In order to address this problem, we implemented two newly introduced cache replacement
policies on the shared last level cache using the Sniper Multi-Core Simulator[6] as a testing tool to
emulate the cache configurations of the Gainestown and the Istanbul processors. These new
algorithms are the Evict Write (EW) eviction policy[1] and the Most Recently Used Tour (MRU-
Tour) cache replacement algorithm[2]. The EW strategy was implemented on the LRU and the
Static Re-reference Interval Prediction (SRRIP)[7] policies.

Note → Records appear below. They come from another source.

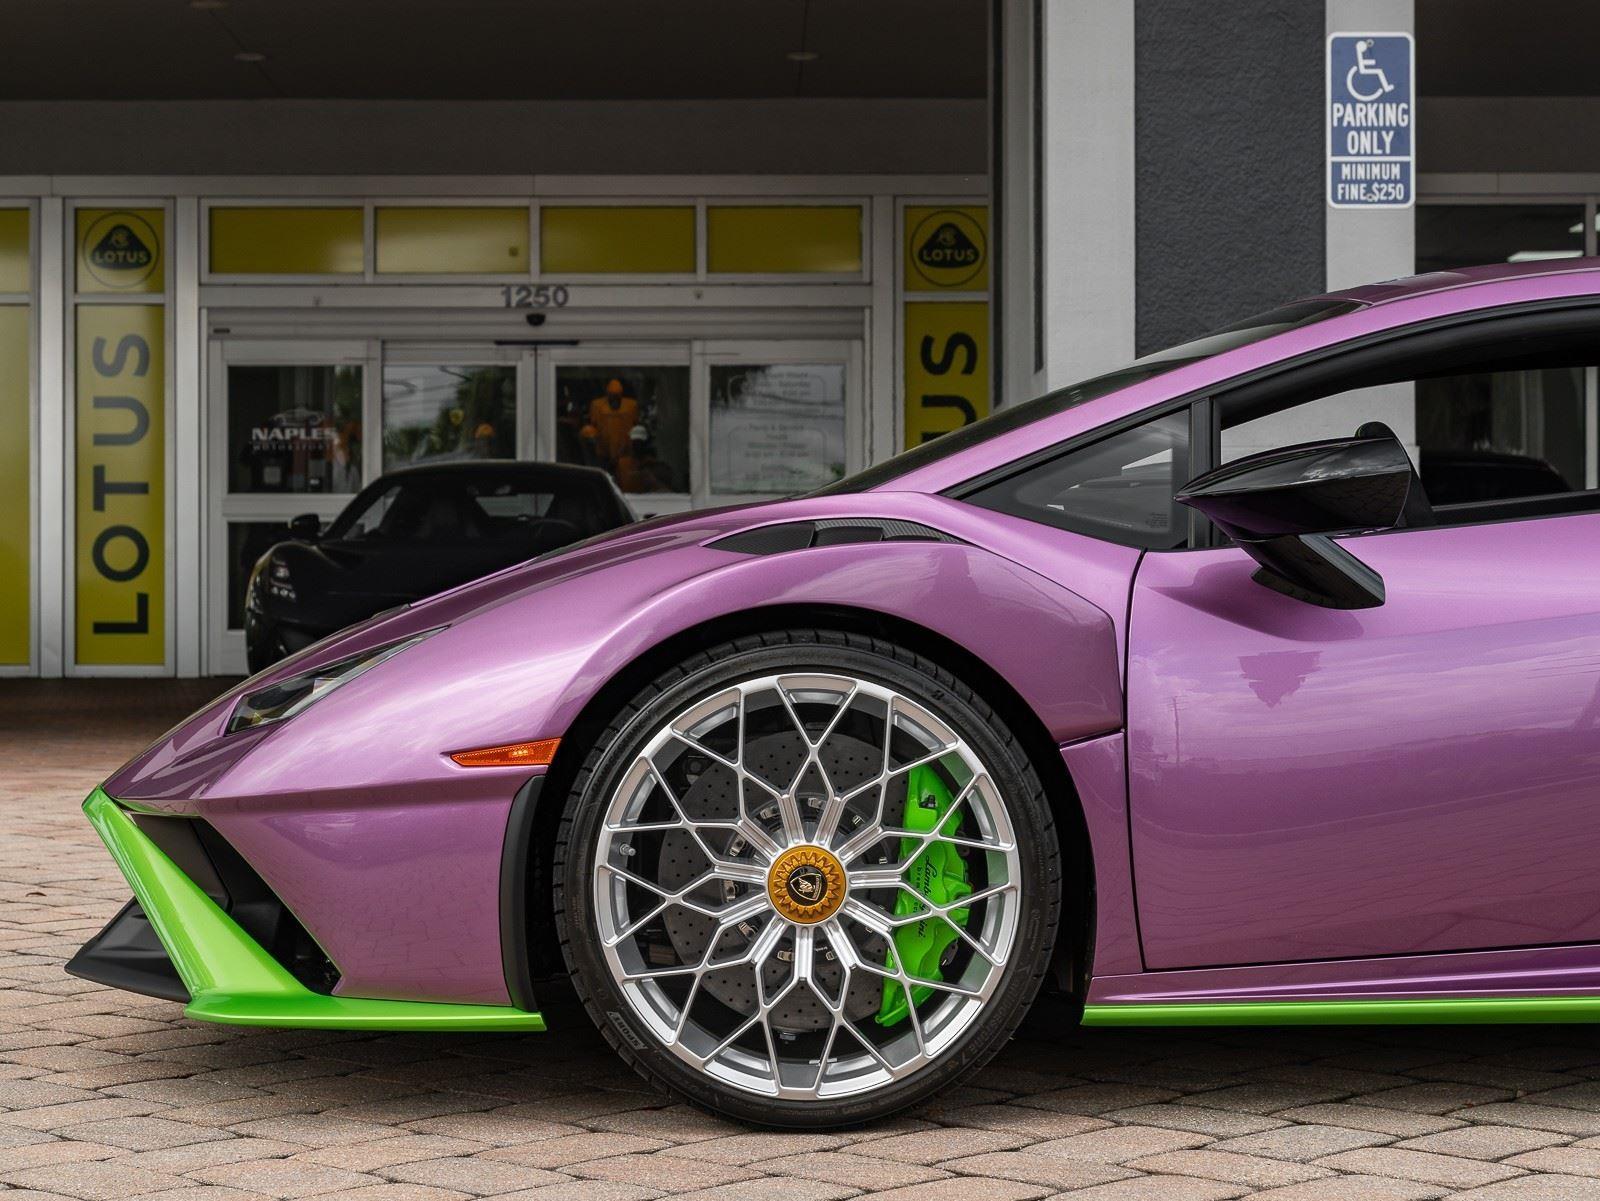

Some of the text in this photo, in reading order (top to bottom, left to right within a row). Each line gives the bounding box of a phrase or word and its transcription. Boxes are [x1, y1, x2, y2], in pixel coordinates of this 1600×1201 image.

[1332, 103, 1409, 127] PARKING
[1346, 130, 1395, 155] ONLY
[1341, 163, 1401, 180] MINIMUM
[1337, 182, 1404, 202] FINE $250
[95, 250, 148, 263] LOTUS
[922, 249, 975, 262] LOTUS
[501, 286, 568, 308] 1250
[920, 332, 978, 442] US
[93, 333, 150, 634] LOTUS
[918, 855, 938, 938] Lambgini
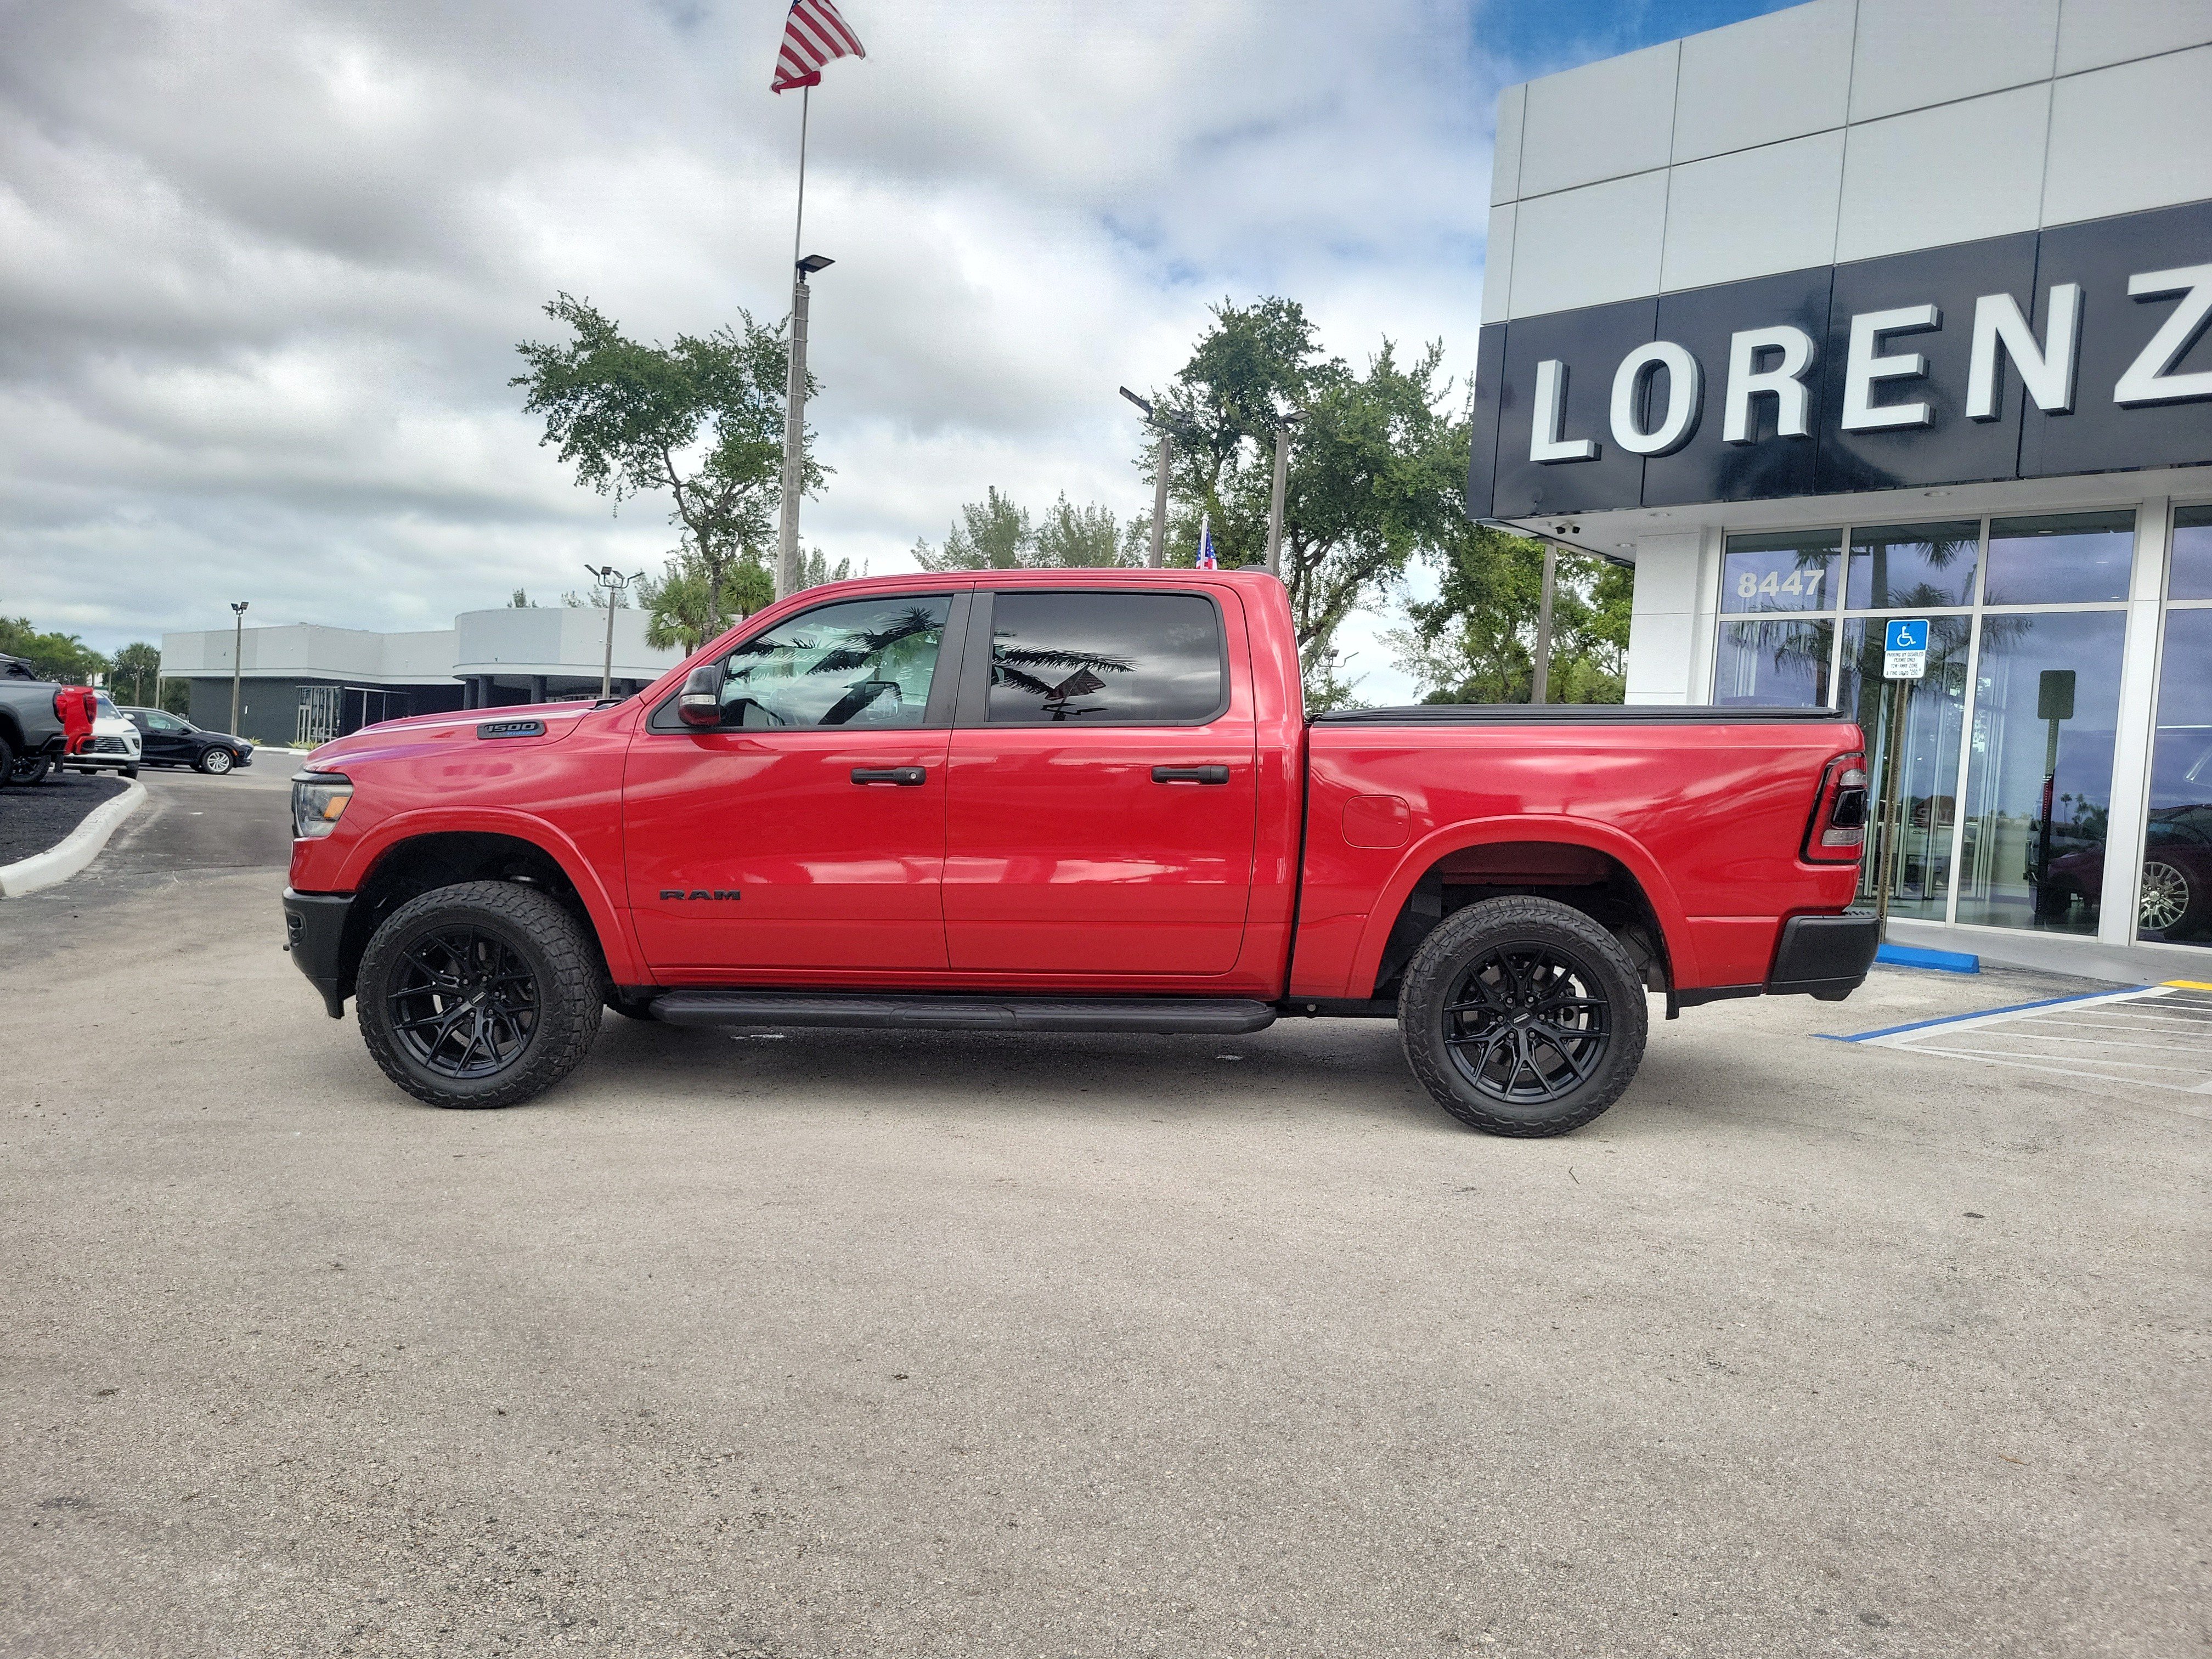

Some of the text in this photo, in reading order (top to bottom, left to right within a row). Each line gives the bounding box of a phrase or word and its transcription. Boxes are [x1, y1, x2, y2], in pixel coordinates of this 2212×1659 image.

[1529, 263, 2212, 464] LORENZ
[1737, 569, 1825, 598] 8447
[487, 723, 536, 732] 1500
[659, 889, 741, 900] RAM

Our goal is to reduce the execution time
and the shared LLC miss rates over the LRU policy as our baseline algorithm in order to achieve
better performance on several multi-threaded workloads.

3
II. DESIGN

Any cache replacement policy consists of three components:

Insertion policy: After evicting a victim block (capacity miss), or when filling an empty
line in the cache (compulsory miss), the new block will be inserted in the cache by some
chosen policy.
Eviction decision: When there are no empty lines in the cache, then a victim block would
be chosen by some eviction decision (capacity miss).
Promotion rules: When a referenced block is found in the cache (cache hit), that block's
position in the cache is updated by certain rules.
Based of the previous facts, we will describe our algorithms using pseudo codes and a flow
chart. Then we will briefly explain how we employed the Sniper Multi-Core Simulator
infrastructure for our project implementation.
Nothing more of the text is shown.